§ Problem requirements: With the pictures omitted, repeat exactly the lines below starting with the line that has "this 1301×1098 image." and going on through the line that has "Some of the words".

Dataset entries
•••

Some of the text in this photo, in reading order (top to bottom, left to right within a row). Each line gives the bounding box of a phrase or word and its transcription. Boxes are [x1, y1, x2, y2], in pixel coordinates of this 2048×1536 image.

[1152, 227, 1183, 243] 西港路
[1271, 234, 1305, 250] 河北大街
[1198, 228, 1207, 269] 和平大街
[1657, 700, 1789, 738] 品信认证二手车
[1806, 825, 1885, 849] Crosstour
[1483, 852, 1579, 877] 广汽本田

•••

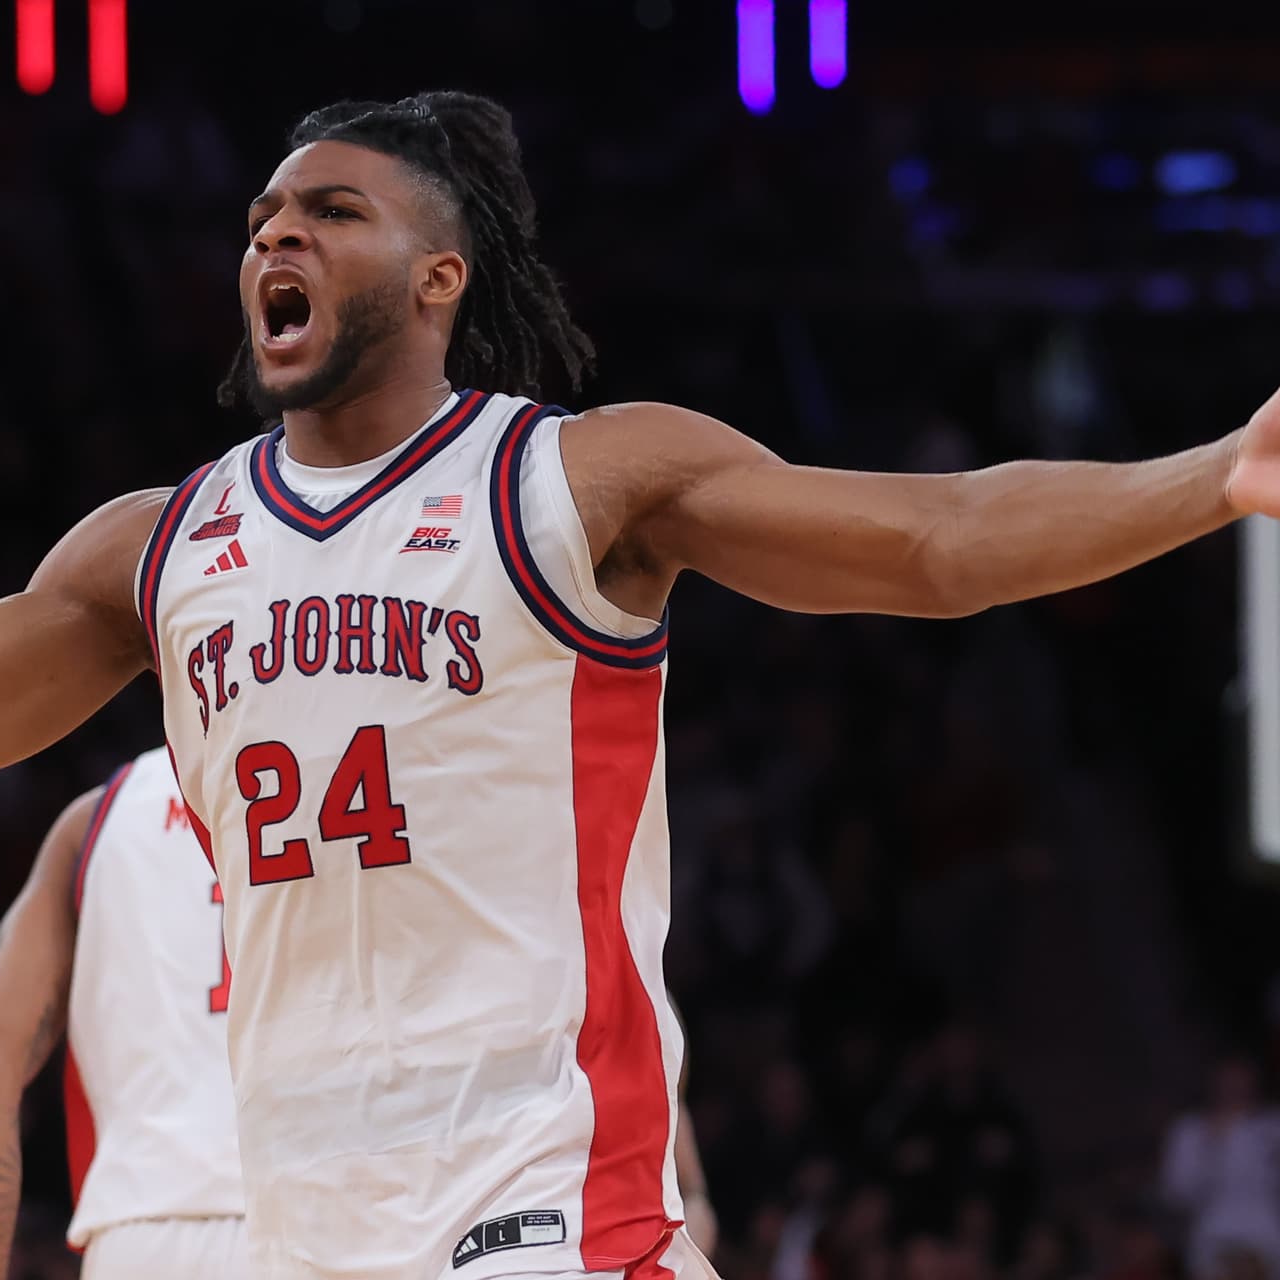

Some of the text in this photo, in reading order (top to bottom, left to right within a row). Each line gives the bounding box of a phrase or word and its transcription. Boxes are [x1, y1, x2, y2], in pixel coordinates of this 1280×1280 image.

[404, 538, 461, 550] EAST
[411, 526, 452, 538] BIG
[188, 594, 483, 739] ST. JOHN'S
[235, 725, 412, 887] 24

•••

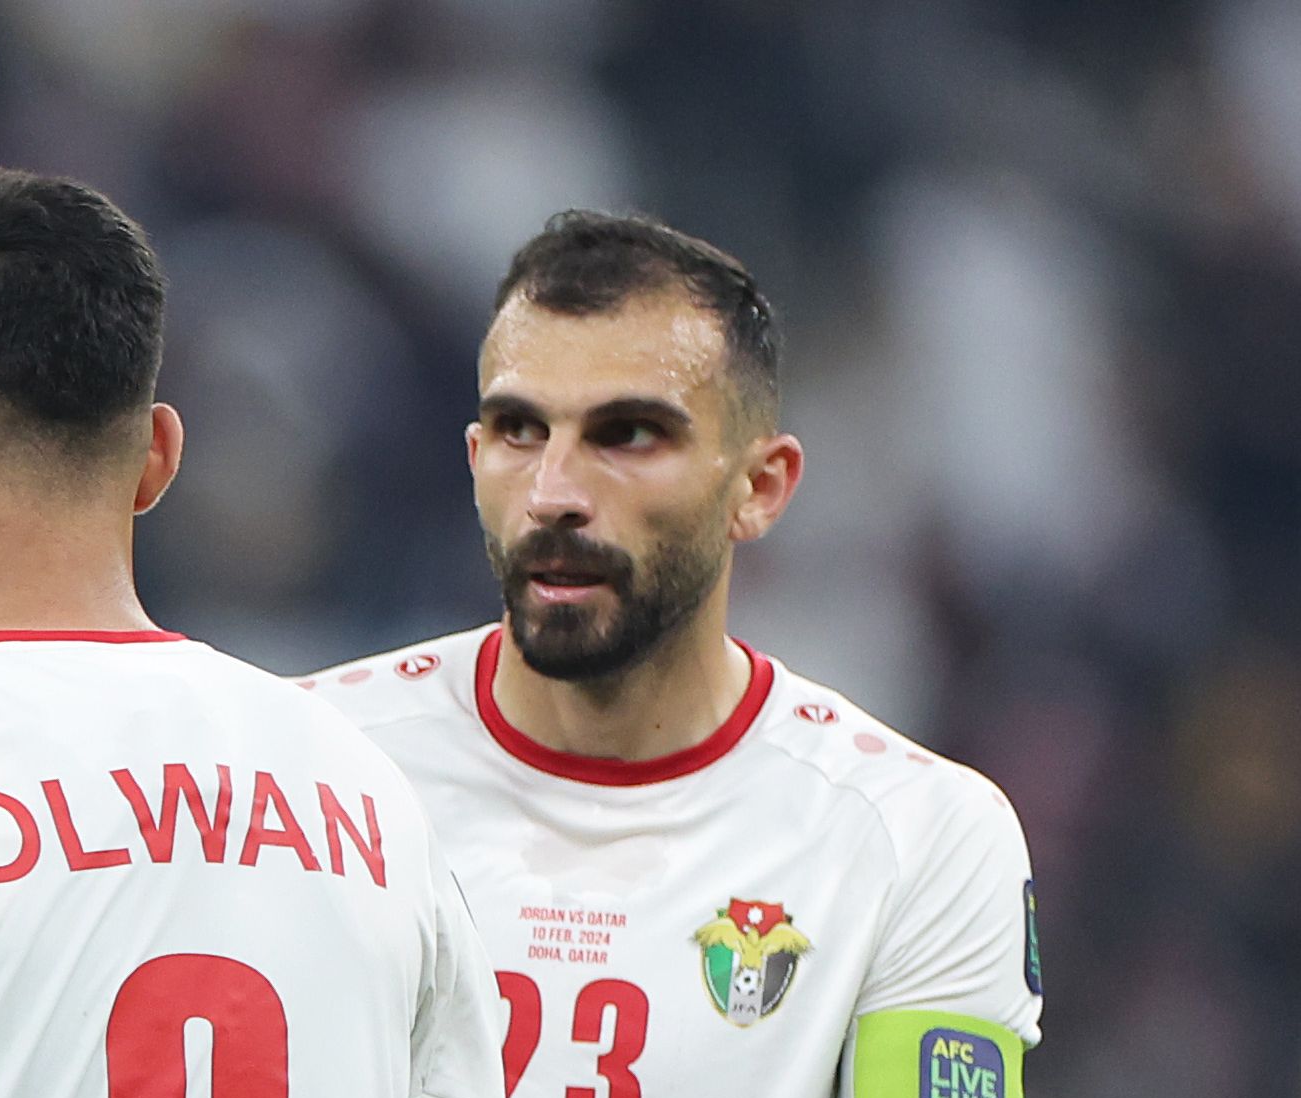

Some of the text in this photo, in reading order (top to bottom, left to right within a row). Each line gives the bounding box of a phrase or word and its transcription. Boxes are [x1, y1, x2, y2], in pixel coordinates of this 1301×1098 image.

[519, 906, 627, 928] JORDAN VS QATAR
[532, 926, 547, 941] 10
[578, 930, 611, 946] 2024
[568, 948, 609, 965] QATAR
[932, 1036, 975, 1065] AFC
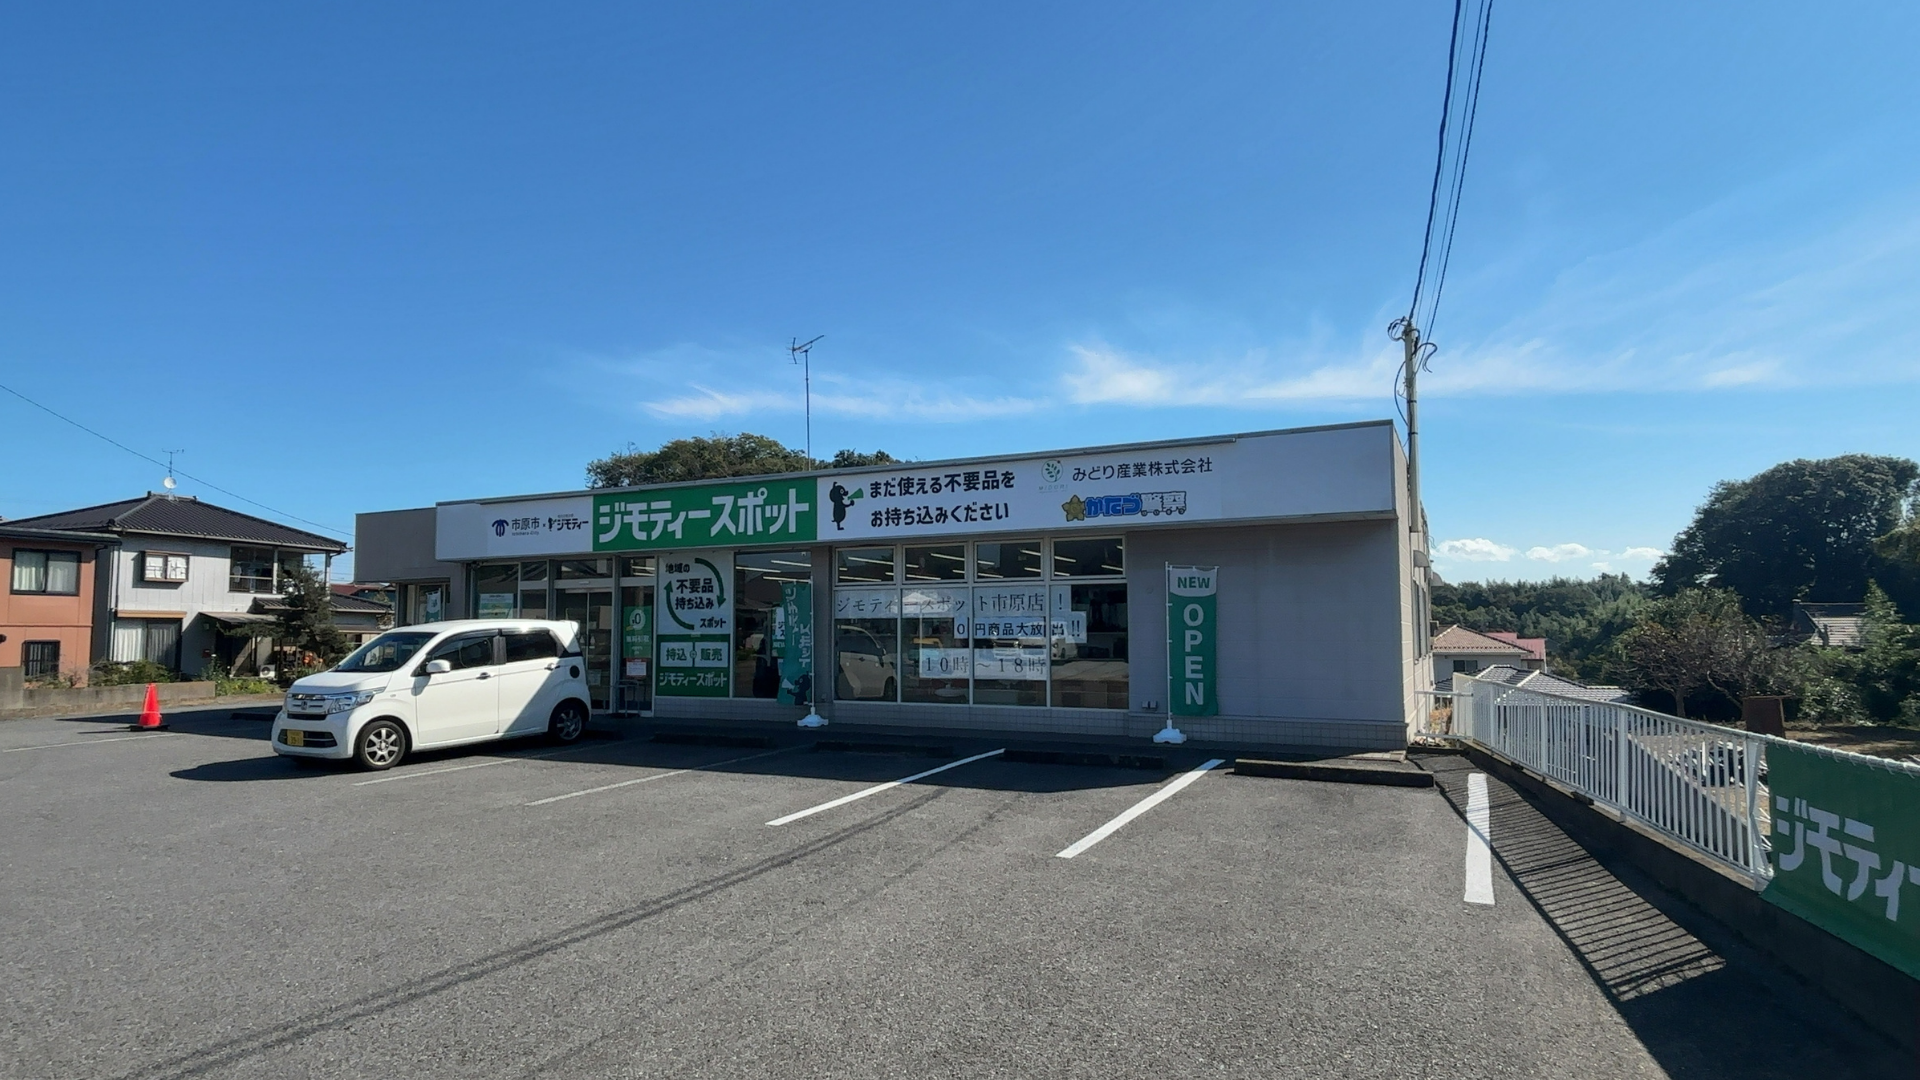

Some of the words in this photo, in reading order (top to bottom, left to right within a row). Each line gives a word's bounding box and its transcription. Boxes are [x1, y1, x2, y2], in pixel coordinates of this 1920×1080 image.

•••

§ The completed task:
Some of the text in this photo, in reading order (top to bottom, left to right within a row). Each line gives the bounding box of a phrase or word and its transcription. Boxes are [x1, y1, x2, y2], in pixel coordinates of this 1301×1098 image.

[519, 906, 627, 928] JORDAN VS QATAR
[532, 926, 547, 941] 10
[578, 930, 611, 946] 2024
[568, 948, 609, 965] QATAR
[932, 1036, 975, 1065] AFC

Some of the words in this photo, in reading order (top to bottom, left to right within a row). Each line gives a word's bounding box and its transcription. Boxes are [x1, y1, x2, y2], in pixel coordinates of this 1920×1080 image.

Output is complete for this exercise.